The phone rang. The news came. The unthinkable, except you have thought about it. It’s why you whisper prayers at night when your children are on the road. You do think about the possibility of the unexpected, but you just cling to the hope that it will not be your unexpected news. You do not want it to be anyone’s unexpected news, and yet you don’t live in a bubble, so you know that the reality is, some will die young.
On October 24, 2018, we received the heart-wrenching news that our son, Ryan, 22 years young, was struck by a truck while working roadside for his job. One day later, we stood beside his hospital bed, holding his hand tenderly because almost every bone was broken, and it was difficult to find a place we could hold without fear of hurting him. But the reality of it was that the pain of the world was losing its grip as the hope of heaven was tightening His. We didn’t expect that we would have to kiss our son’s cheek and say goodbye, but we did.
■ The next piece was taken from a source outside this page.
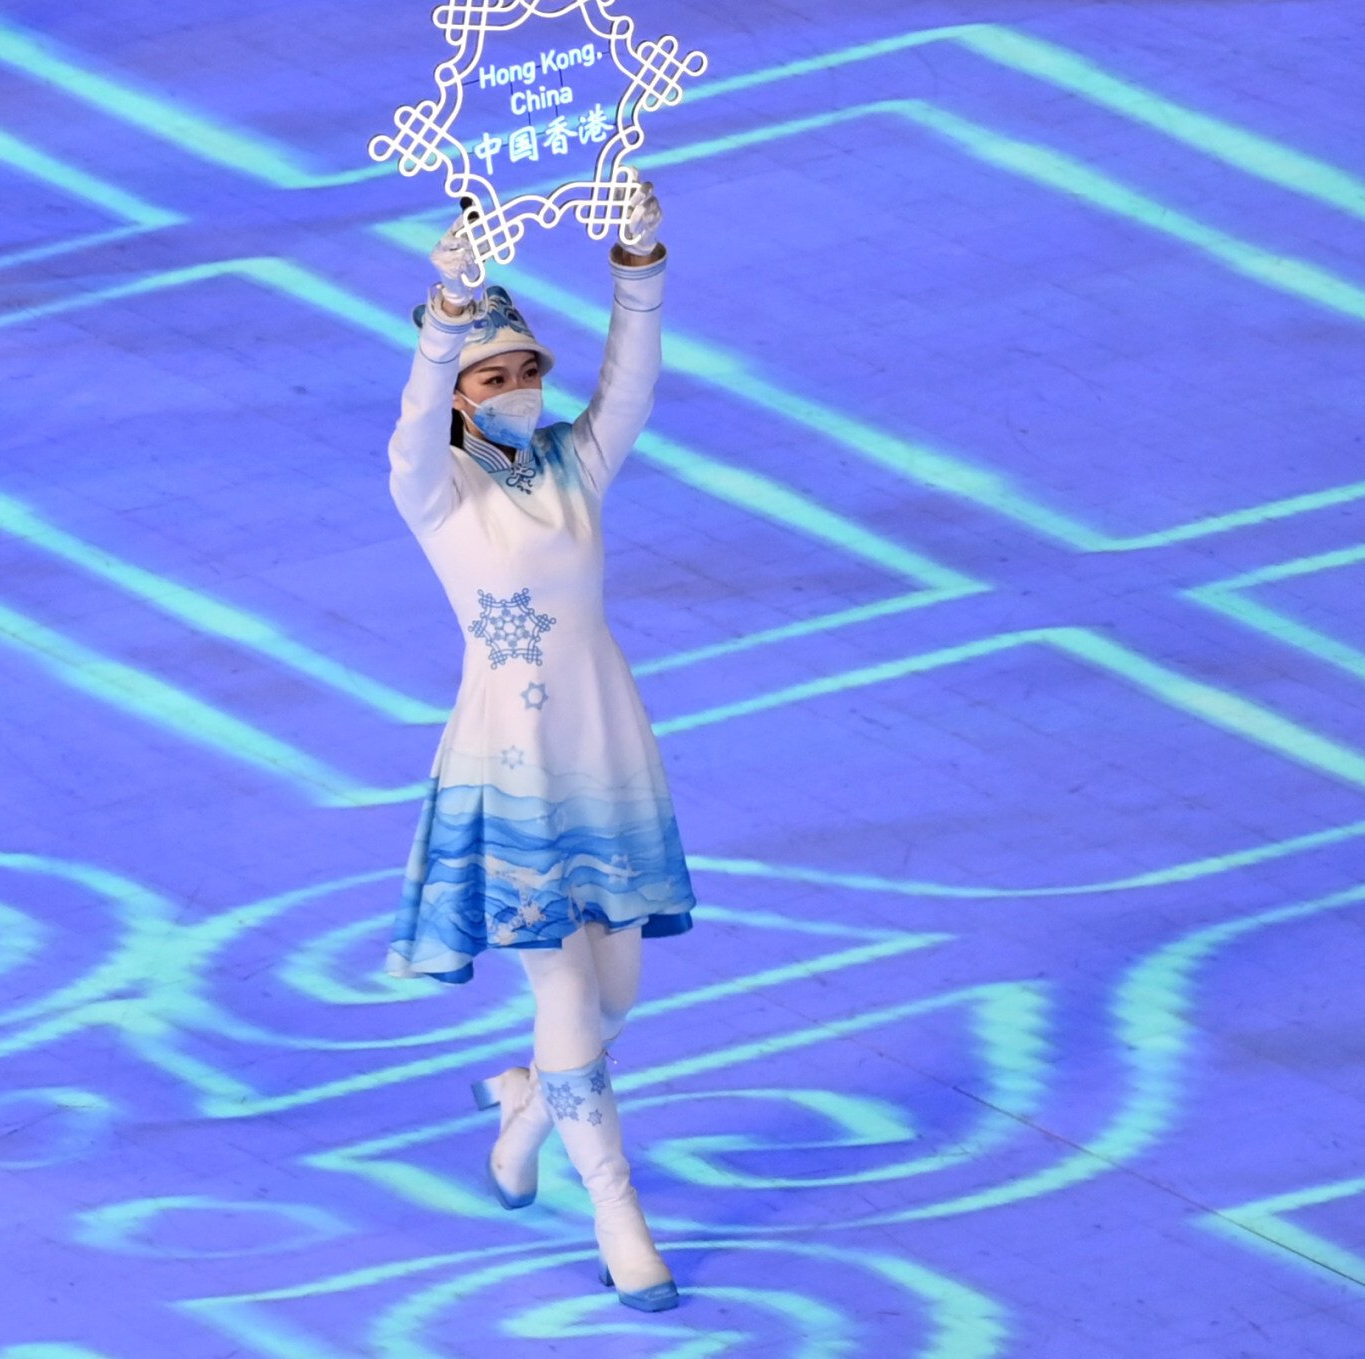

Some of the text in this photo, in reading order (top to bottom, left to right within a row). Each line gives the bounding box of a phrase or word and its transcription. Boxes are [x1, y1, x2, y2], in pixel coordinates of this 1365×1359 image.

The unexpected can knock you over, taking the breath right out of you. One moment you are breathing effortlessly, and the next moment you aren’t sure how you will breathe at all, but you do. Because the reality is, you were not responsible for the breath you made without effort any more than the ones that felt impossible after deep hurt.
Our unforeseen is seen by God.
I admit that it is beyond hard to understand how El Roi, the God who sees, knows our unexpected and still allows it to occur. Trust me when I say my husband and I have wrestled with that one. Thankfully, God understands our wrestling and meets us during it when we need Him most.
In the unexpected, I found a deeper connection with the Creator.
In the sudden and hard, I heard His Word in the dark of night. Years of scripture stored in my heart soothed my soul. His voice reminding me that His Son, Jesus, had gone before Ryan to prepare a place for him (John 14:2).
In the unforeseen, I had to cling to that which I could not see.
Because that is faith and that is where hope is found. And I did not want to lose hope.
Six days after we watched Ryan’s last earthly breaths, all that you never expect to experience became too innumerable to count. Arguing with authorities about autopsies, hearing from strangers who spent more time with your child in the last week of his life than you did, looking loved ones in the eye and helping them understand this was real, planning your first child’s funeral while your second child does her best to be strong so her parents don’t crumble. I thought at some point we would wake from the nightmare, but you don’t.
However, what I now know is that if you are determined to cling to hope, Hope will shelter you. Hope will carry you. Hope will when you aren’t able.The end of yourself opens the opportunity for the beginning of something incredible—deep dependence on God. Click To Tweet
I wouldn’t choose this road for myself, my husband, my daughter, or anyone else. But while I ache, I also rejoice. Each day we have a choice. We can allow the unexpected to suck the life from us, or we can choose a road that leads to living abundantly. A road filled with strength, joy, peace, and hope.
A friend recently shared this in a Voxer message, and it will not leave my memory because it is what I long for others to have in their life. She said, “I keep thinking of my friend Jodie, the joy warrior. How she is constantly going to the Word, not to find the silver lining because that would make it too lighthearted, but to say, what is the truth?”
She continued sharing these powerful truths:
- We know our Redeemer lives. (Job 19:25)
- His banner over us is love. (Song of Solomon 2:4)
- Whatever the battles we are all fighting and facing, He is the one holding the banner high before us and we just follow His lead. (Luke 9:23)
- We don’t grieve as those without hope. (1 Thessalonians 4:13)
The unexpected comes, doesn’t it, sister?
But there in that place of hard and heavy, the truth remains the truth. We can cling to it. We can bank on it. When we don’t understand, because I still don’t entirely, we can find peace in it.
Your hard and unexpected likely looks different and the same. Right now, as a nation, we are walking things described as unprecedented and at the same time, you are carrying burdens of your own. So, what do we do?
We cling to God. Our Father. Our Creator. El Roi. All-knowing and all-powerful. Most High.
We dwell in His word, eating it for nourishment because it will carry us through the darkest, most difficult times and when we seek the truth, we have hope. We know heaven awaits. We know that God is working things together, even the surprising, for the good of those who love Him.